The impact of addiction on the family and loved ones of the
addict is unmistakably hard to quantify and impossible to deny. The addict is
selfishness personified while whirling away recklessly in the throes of active
addiction and as such he or she rarely if ever stops to consider the profound
effect of our choices on friends and loved ones. Countless broken marriages,
ruined relationships with children, shattered trusts and pains too deep to be
easily forgiven litter the trail of recovery. The simple fact is that we are
incapable of justly loving others while we are busy trying to kill ourselves.
Family members are right in the epicenter of “Hurricane
Self,” a most apt description of the still-suffering addict. We make rash
decisions based on little else outside of whimsical, fleeting impulse while
damning the consequences.

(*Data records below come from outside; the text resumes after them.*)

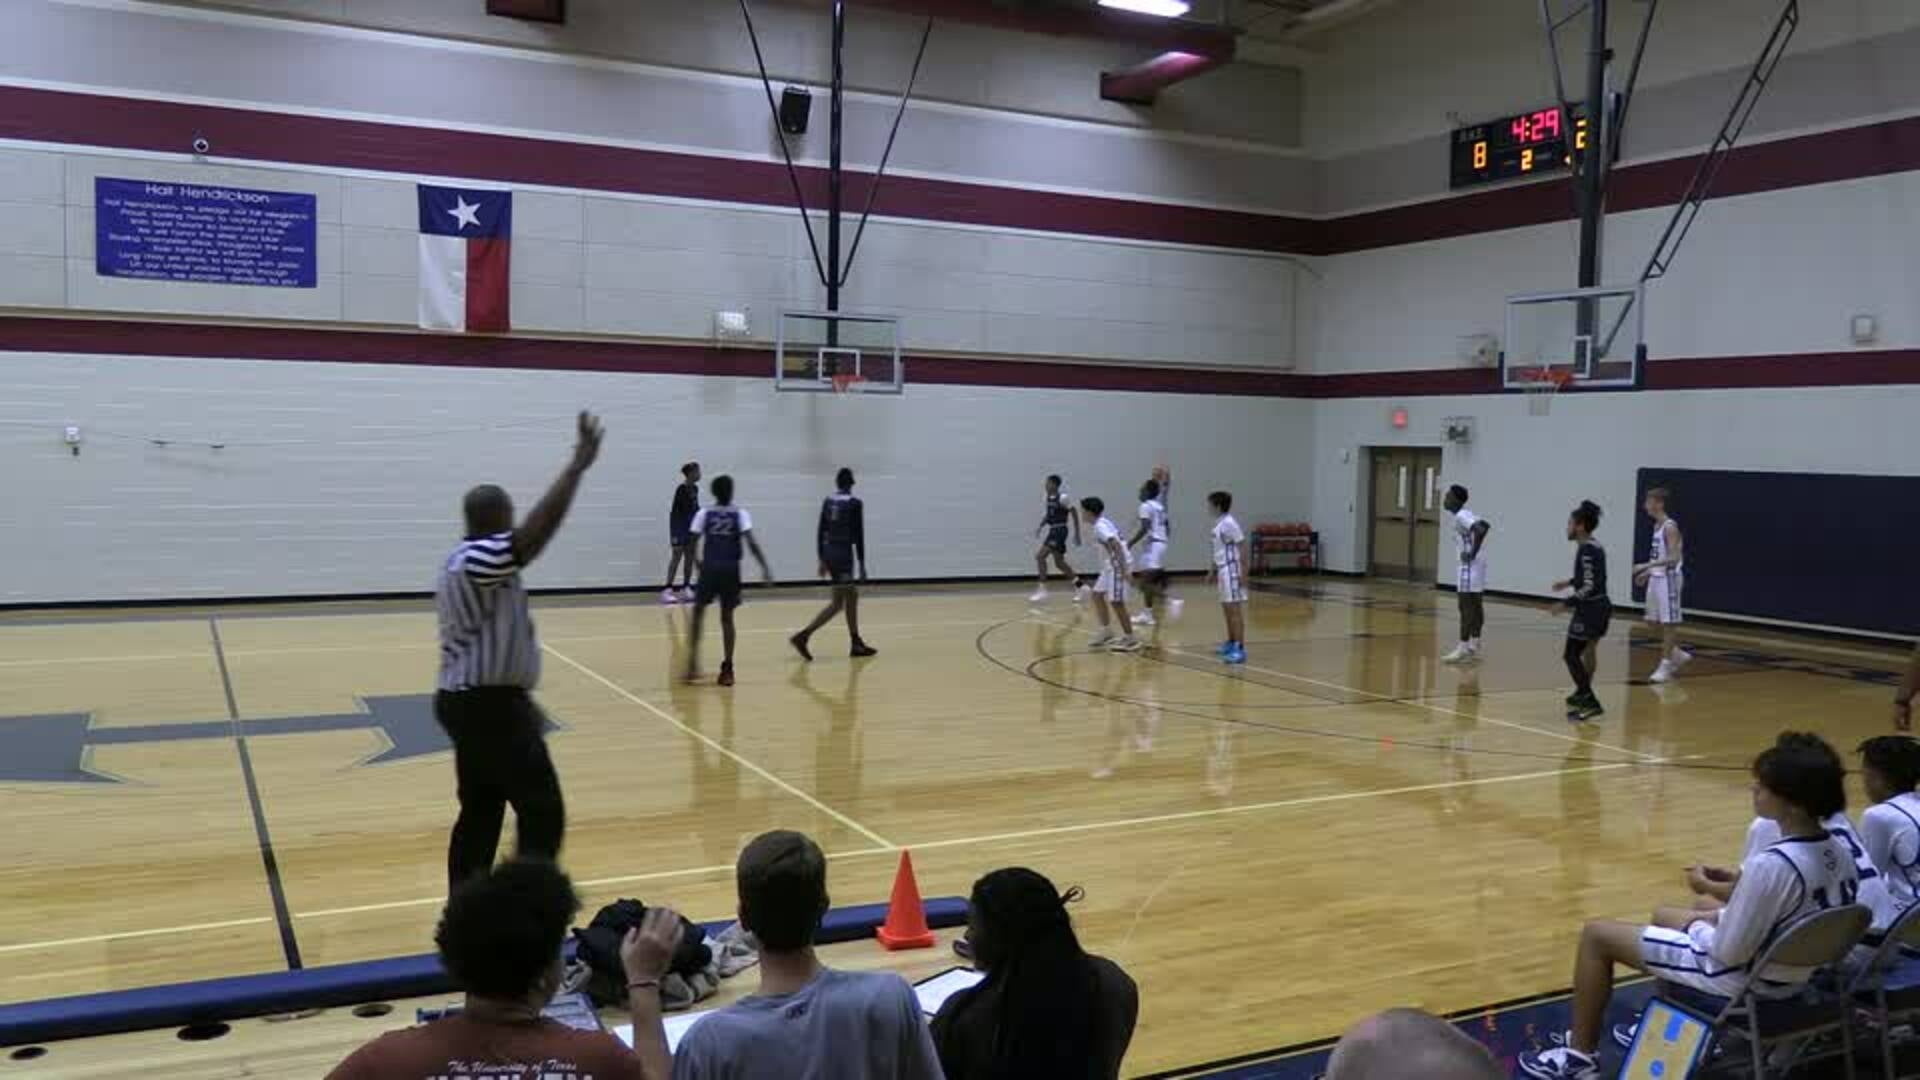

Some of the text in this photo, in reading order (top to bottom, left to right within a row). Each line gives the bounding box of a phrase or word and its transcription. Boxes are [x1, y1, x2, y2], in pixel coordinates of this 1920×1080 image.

[1511, 108, 1560, 143] 4:29
[1473, 141, 1487, 169] 8
[1521, 149, 1533, 171] 2
[180, 186, 269, 203] Hendrickson
[710, 517, 735, 535] 22
[448, 1060, 468, 1073] The
[531, 1060, 543, 1073] of
[547, 1059, 577, 1071] Texas
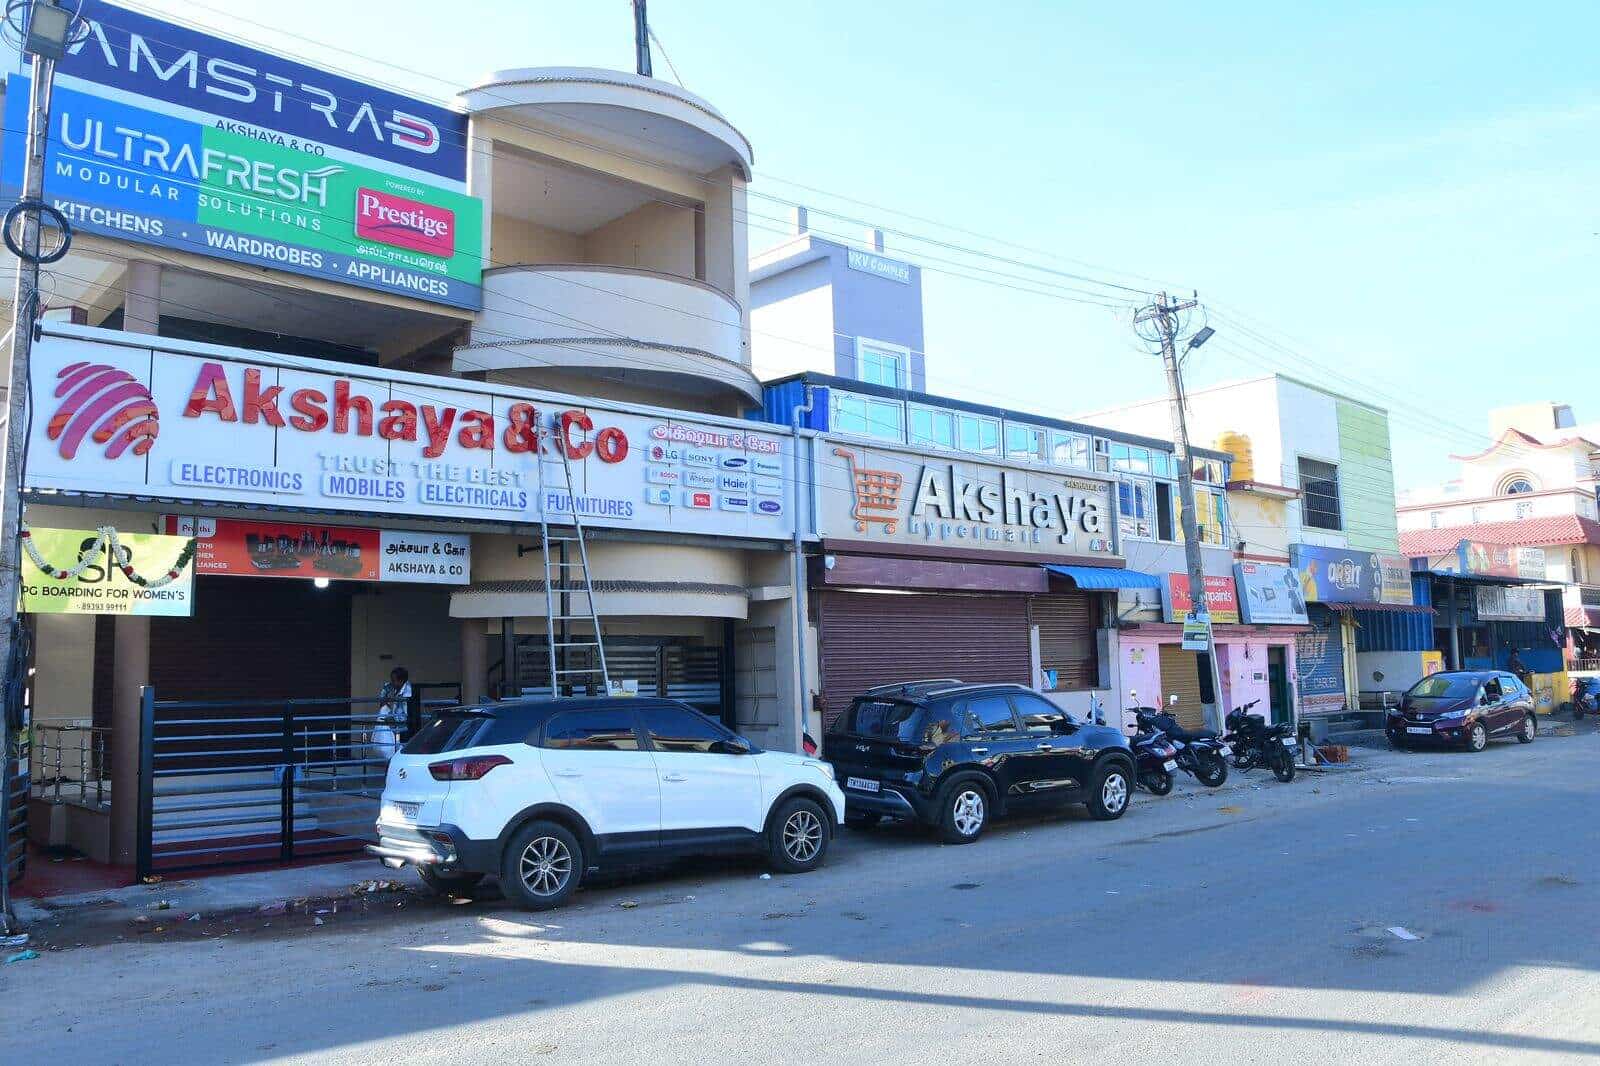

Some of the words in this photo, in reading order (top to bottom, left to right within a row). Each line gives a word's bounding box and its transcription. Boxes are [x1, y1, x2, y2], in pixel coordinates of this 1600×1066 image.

[67, 20, 440, 155] AMSTRAD
[215, 119, 285, 146] AKSHAYA
[290, 139, 300, 150] &
[304, 143, 325, 157] CO
[56, 161, 179, 201] MODULAR
[198, 193, 321, 231] SOLUTIONS
[384, 180, 416, 194] POWERED
[361, 194, 448, 237] Prestige
[54, 199, 164, 237] KITCHENS
[206, 230, 323, 268] WARDROBES
[347, 260, 449, 297] APPLIANCES
[664, 449, 679, 460] LG
[688, 453, 715, 463] SONY
[181, 463, 302, 490] ELECTRONICS
[318, 452, 406, 477] TRUST
[411, 461, 460, 483] THE
[466, 466, 526, 488] BEST
[329, 475, 406, 499] MOBILES
[723, 477, 748, 489] Haier
[426, 484, 528, 509] ELECTRICALS
[547, 494, 634, 518] FURNITURES
[910, 464, 1104, 544] Akshaya
[432, 542, 441, 555] &
[388, 562, 436, 575] AKSHAYA
[439, 565, 446, 574] &
[449, 564, 463, 576] CO
[22, 585, 38, 596] PG
[42, 586, 102, 598] BOARDING
[106, 588, 129, 598] FOR
[133, 589, 185, 601] WOMEN'S
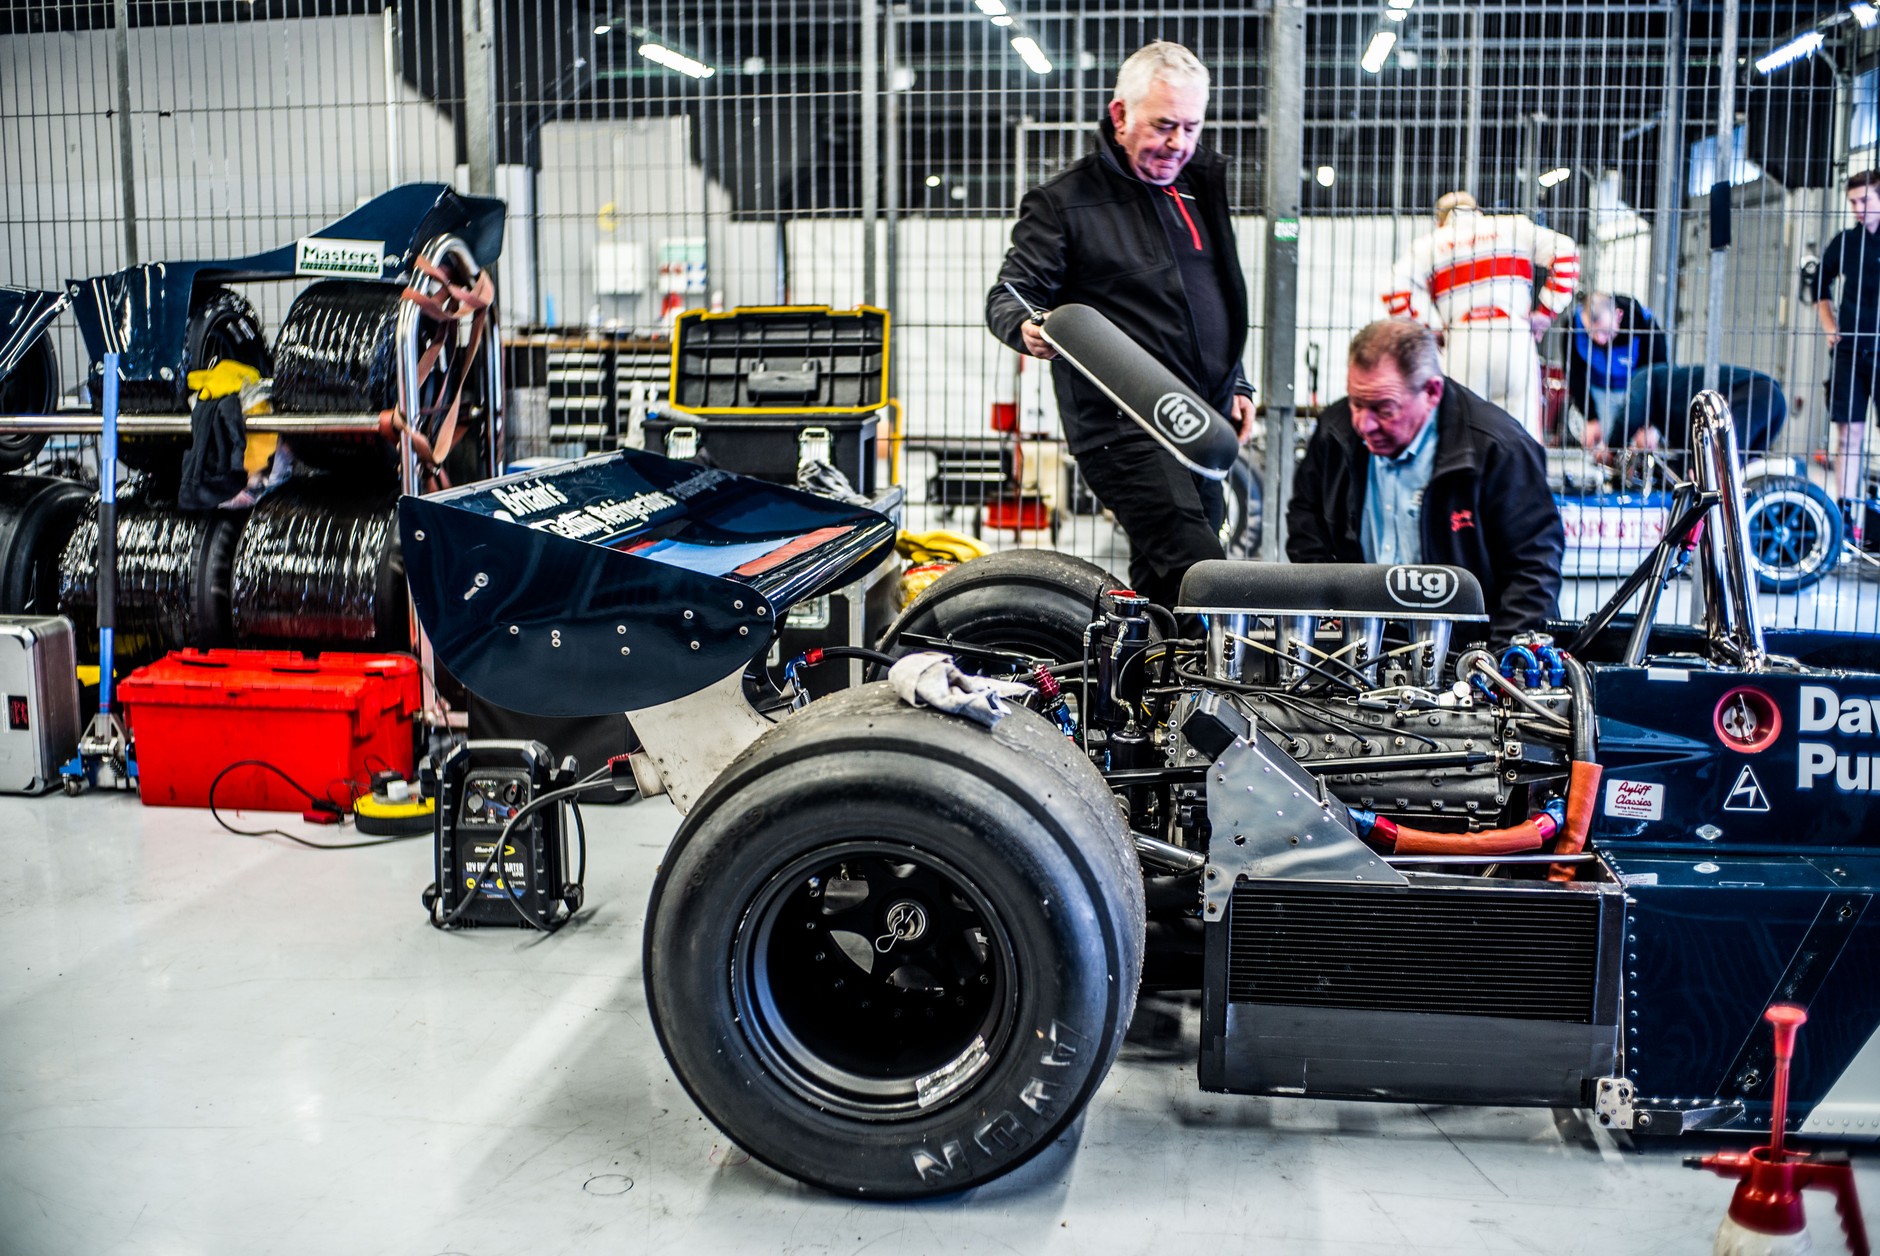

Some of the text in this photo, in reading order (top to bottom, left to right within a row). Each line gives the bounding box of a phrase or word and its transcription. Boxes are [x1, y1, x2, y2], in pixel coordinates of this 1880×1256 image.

[303, 245, 378, 264] Masters
[1161, 396, 1201, 437] itg
[1397, 568, 1447, 599] itg
[1799, 685, 1880, 733] Da
[1615, 794, 1652, 806] Classics
[1618, 781, 1652, 796] Ayliff

We don’t stop and consider the effects of our actions
on any scale outside of immediate pleasure or pain.
We are enslaved by the need to place our own desires above
anything and everything else and as a result we don’t really care what we do to
others until the behaviors force us to pay consequences. We then miraculously
sprout a conscience in the very same location burned bare by our scathing
self-hatred and our guilt and shame know no limits.
The next phase is one of remorse accompanied by some form of
expressing deep regret. We then fish for sympathy by telling anyone in earshot
that we always screw things up and that we aren’t worth anything and probably
never will be. We swiftly turn the focus from the wrongs we have committed to
why you should feel as sorry for us as we do for ourselves. The rollercoaster
won’t stop until we drive ourselves off on another binge that is destined to
bring about this same dramatic sequence: stupidity, apology, and self-loathing.
Wash. Rinse. Repeat.
I have no right to offer much advice to families of addicts,
but I can say what I feel helped me start to turn the corner. Nothing short of
unconditional love tempered by a refusal to validate my behavior was ever
impactful in a positive way. You can love someone without co-signing on his or
her self-destruction.
The tough sort of love, the firm-but-fair and unconditional
type was all that ever made me feel okay about being me. That’s all that really
works to this day. I still shut down in a very unhealthy way when confronted
negatively or by nagging “suggestions.” In order to speak love into the life of
an addict you must acknowledge our mistakes but make sure that we know beyond
any doubt that you love us anyway. At some point we grant ourselves permission
to believe you, and the healing has begun. Further down that same road we begin
to internalize the source of our love and can then prove quite capable of
loving ourselves and others as well. Admitting our wrongs and becoming willing to make amends
for them must follow. Once we can begin to make those amends to our family
members we have been put firmly on the path to living happily, feeling joyous
and truly free.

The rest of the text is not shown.